Bat Ye’or is a French national woman scholar born in Egypt. Shs is the world’s expert on on the subjects of Islamic Jihad and Dhimmitude (the ongoing persecution and humiliation of minority Christian and Jewish inhabitants of majority-muslim countries, having written five major books on the subject. The name under which she publishes is a pseudoname because of fear of her being hunted down and killed by unhappy followers of Islam.

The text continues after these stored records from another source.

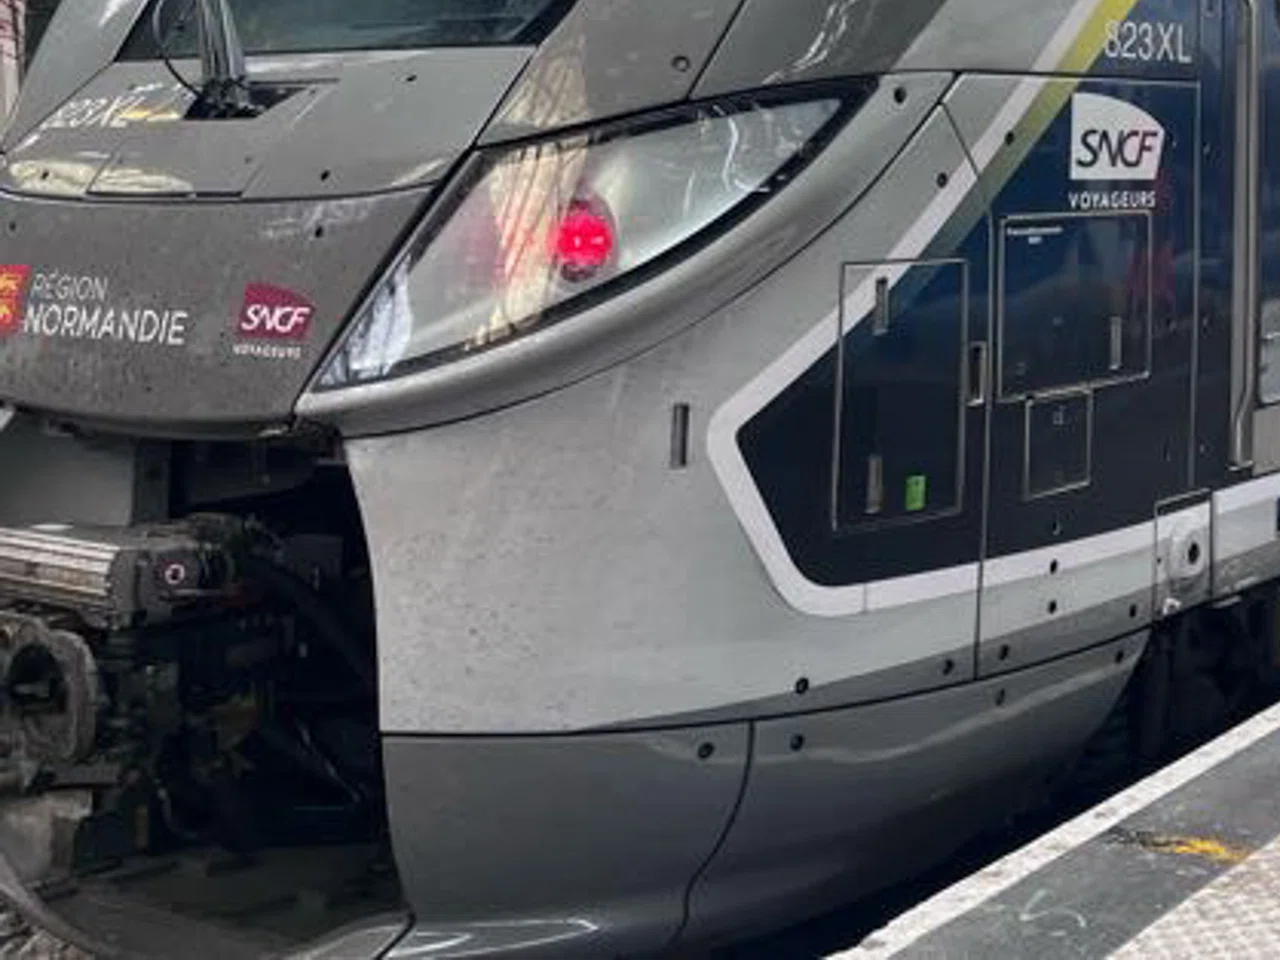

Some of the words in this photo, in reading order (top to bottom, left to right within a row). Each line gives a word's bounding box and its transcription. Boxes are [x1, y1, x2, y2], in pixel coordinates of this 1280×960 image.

[1104, 19, 1193, 64] 823XL
[1076, 129, 1158, 168] SNCF
[1068, 190, 1156, 209] VOYAGEURS
[23, 303, 188, 346] NORMANDIE
[241, 304, 311, 333] SNCF

See the original of this article on the AMCA website at this link.

Thanks much,
Steve St.Clair

==================
Eastern Christians Torn Asunder
Challenges — new and old
By Bat Yeor

The
dhimmi mentality cannot be easily defined and described. An endless variety of reactions has been provoked by the evolving historical situations in the civilization of dhimmitude, which spans three continents and close to fourteen centuries. Generally speaking, dhimmi populations can be described as oscillating between alienation and submission and, at the other extreme, a self-perception of spiritual freedom.

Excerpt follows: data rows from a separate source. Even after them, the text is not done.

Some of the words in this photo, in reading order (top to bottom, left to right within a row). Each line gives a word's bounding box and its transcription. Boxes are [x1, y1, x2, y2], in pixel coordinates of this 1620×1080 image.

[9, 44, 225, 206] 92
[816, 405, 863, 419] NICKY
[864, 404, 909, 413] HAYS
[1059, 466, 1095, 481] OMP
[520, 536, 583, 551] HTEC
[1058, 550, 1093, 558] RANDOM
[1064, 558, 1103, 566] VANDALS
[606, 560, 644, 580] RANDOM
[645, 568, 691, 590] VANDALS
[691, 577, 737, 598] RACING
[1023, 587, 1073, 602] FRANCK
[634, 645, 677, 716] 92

The basic aspects of the dhimmi mentality are related to characteristics of its status and environment, because dhimmitude operates exclusively within the sphere of jihad. Contrary to common belief, jihad is not limited to holy war conducted militarily; it encompasses all strategies, including peaceful means, aimed at the unification of all religions within Islamic dogma. Further, as a juridical-theological construction, jihad determines all aspects of relations between the Umma — the Islamic community — and non-Muslims. According to the classical interpretation, these are classified in one of three categories: enemies, temporarily reconciled, or subjected. Because neither jihad nor dhimmitude have been critically analyzed, we can say today that the Islamist mentality — currently predominant in many Muslim countries — establishes relations with non-Muslims in the traditional jihad categories of war, truce, and
submission/dhimmitude.

In our times dhimmis are found among the residues of indigenous populations of countries that were Islamized during a millenium of Muslim conquests: Christians, Hindus, and a scattering of Jews and Zoroastrians. Christians would seem to be the most familiar group, closer to Westerners by proximity, culture, religion, and subject to the same status under Islam as the Jews, the other ahl al-Khitab, “people of the Book” — the Bible. But this impression is often deceiving as the reassuring appearance of similarity is misleading.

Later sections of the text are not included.